On Wed, Mar 11, 2026 at 12:51 PM Szabolcs Nagy <nsz@...t70.net> wrote:
>
> the layout of ucontext passed by the kernel to
> signal handlers and the *context functions in
> userspace are already different on other targets
> (i know this for sure on aarch64, but i don't
> think that was the first to do this),
> i.e. passing kernel ucontext to a setcontext
> function is invalid.

Ah, ok!

I didn't realize this usage was already broken (at least on some
architectures, if not all). I have never tried to do it myself, nor do
I know of any reason why someone would want to, but it is actually
_documented_ to work, per "man setcontext":
"The context should have been obtained by a call of getcontext(), or
makecontext(3), or received as the third argument to a signal handler
(see the discussion of the SA_SIGINFO flag in sigaction(2))."

If it's been broken for aarch64 for a long time (has it been since
aarch64 was added?
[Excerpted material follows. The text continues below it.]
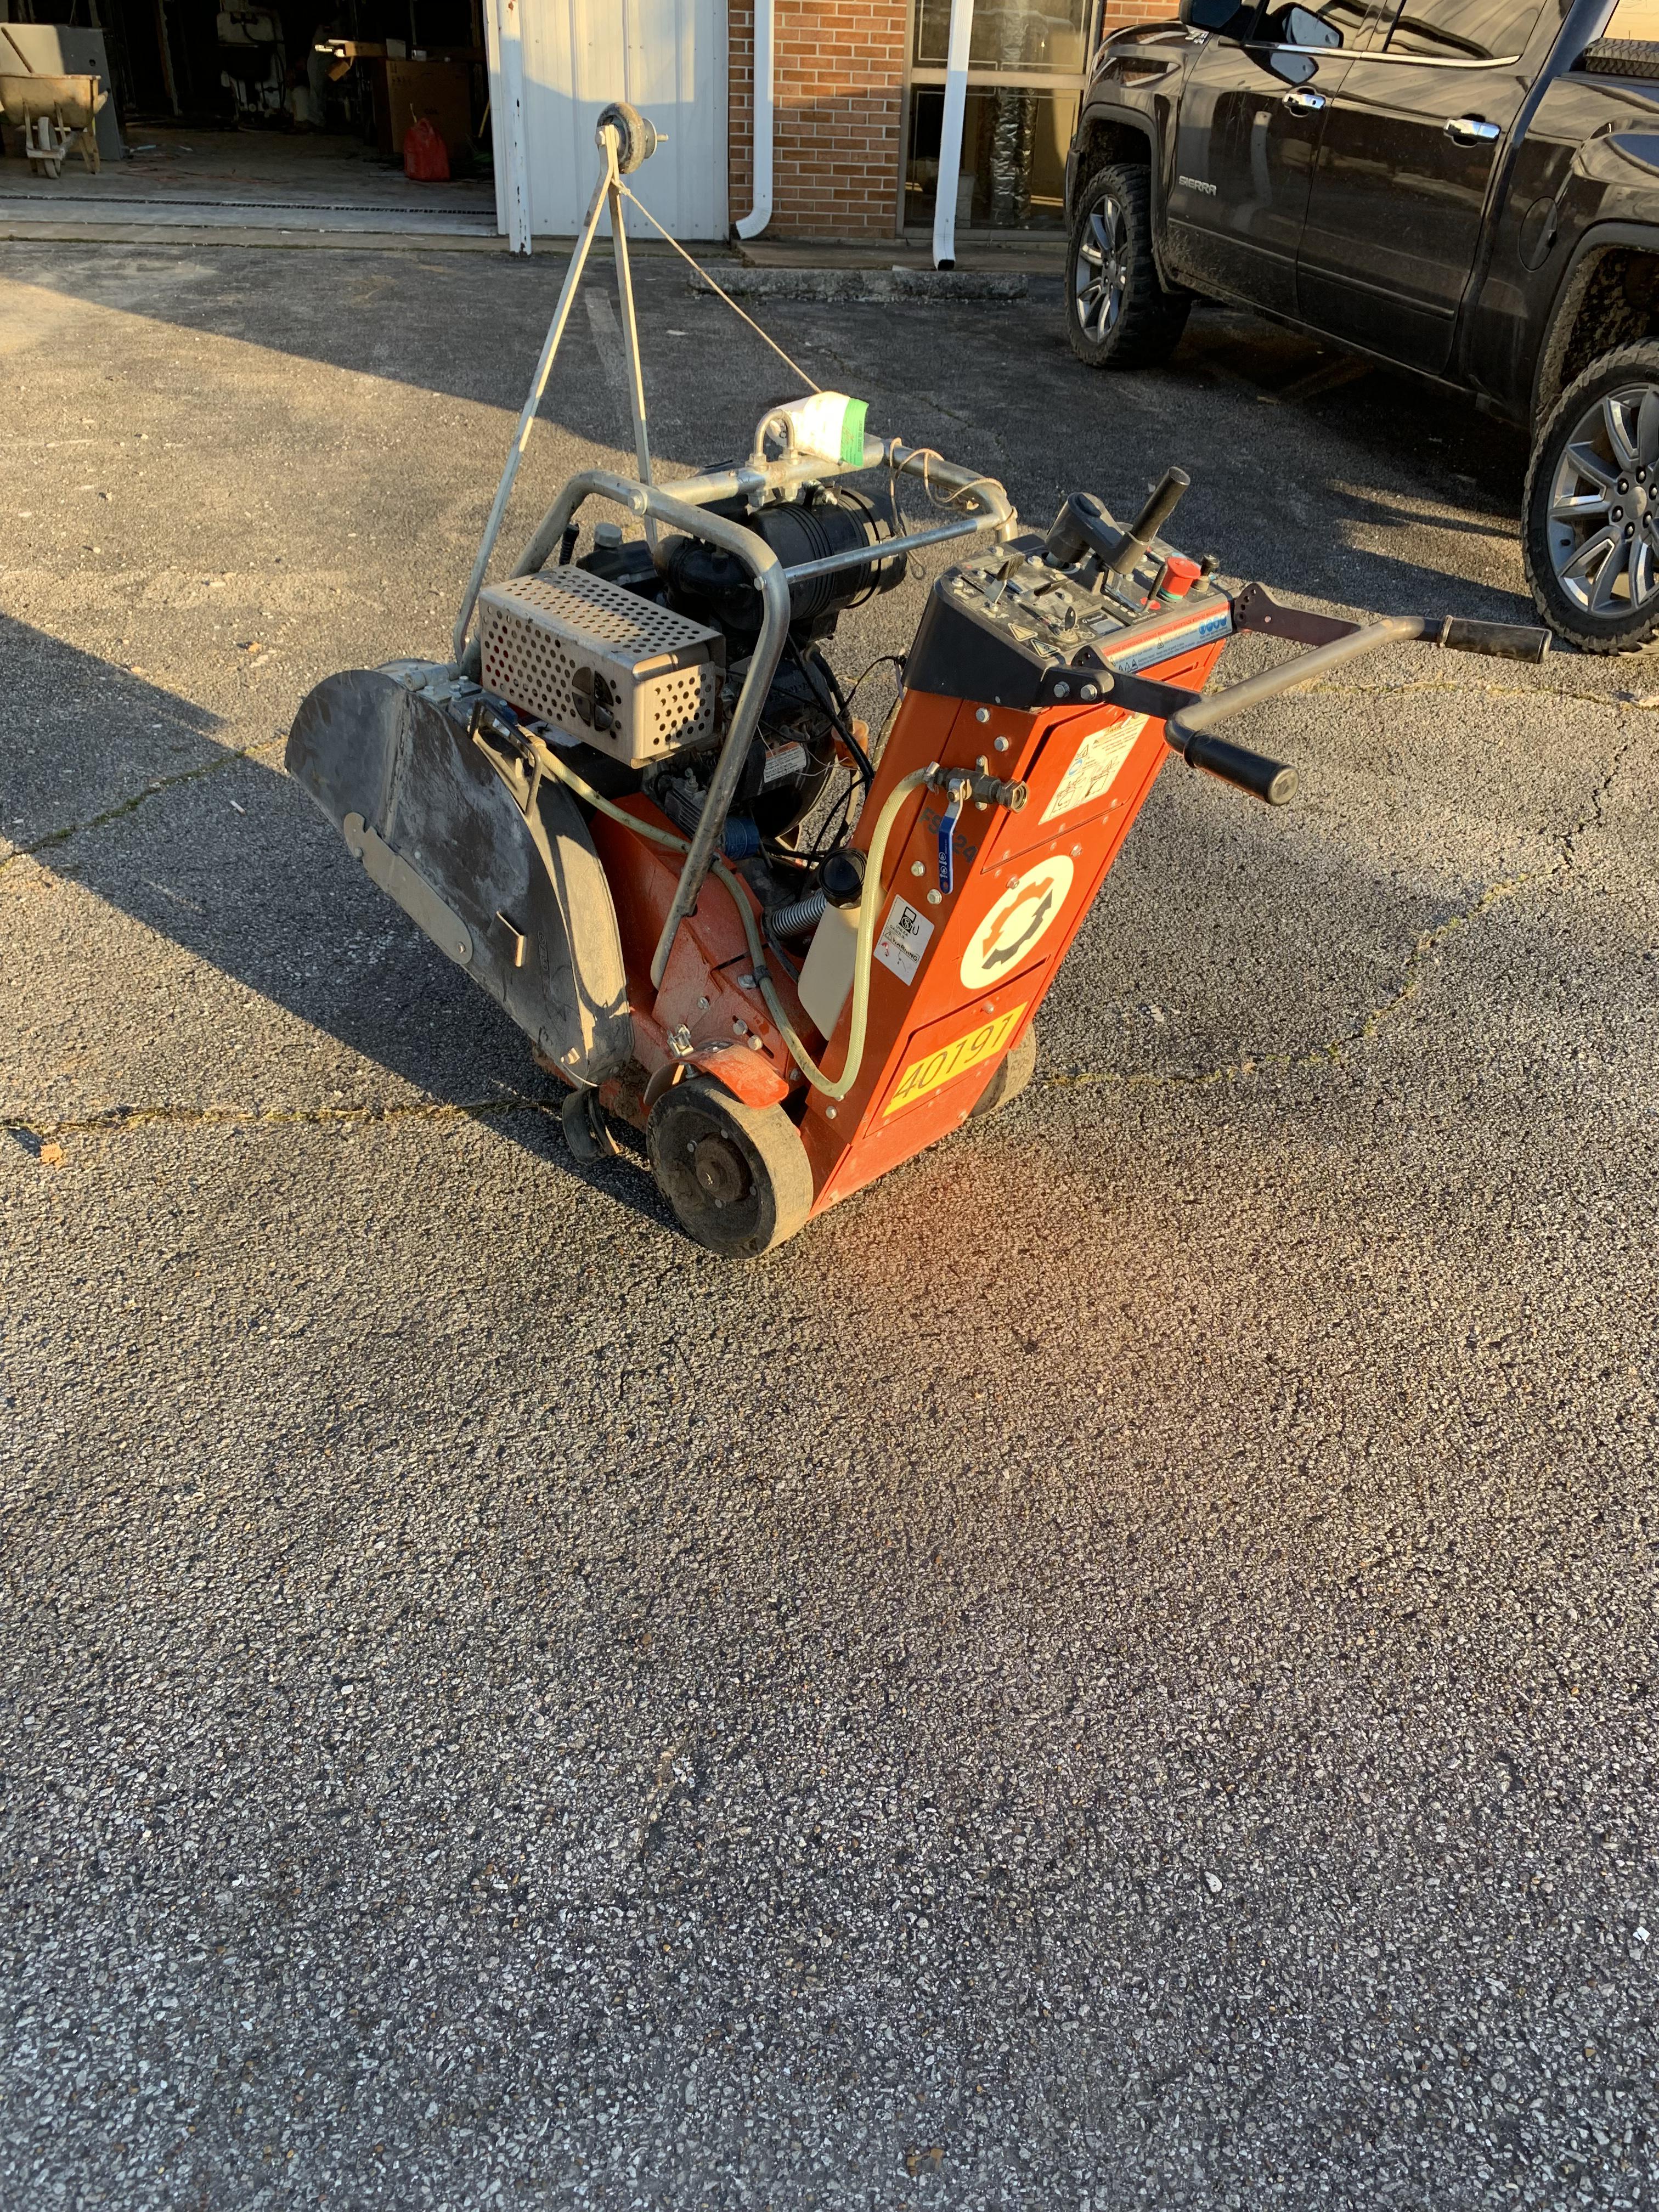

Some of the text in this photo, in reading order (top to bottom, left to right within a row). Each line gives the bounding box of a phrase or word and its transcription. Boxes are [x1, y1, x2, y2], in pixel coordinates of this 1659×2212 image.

Or is this recent breakage?), presumably that would
indicate that there's no real-world usage of setcontext/swapcontext on
a kernel-provided ucontext_t...And if that's the case, it's
_extremely_ unfortunate that these functions were defined to use the
same struct as the one provided to a signal handler in the first place
-- they really ought to be using something a lot closer to (if not
exactly) jmp_buf, instead.

Oh well.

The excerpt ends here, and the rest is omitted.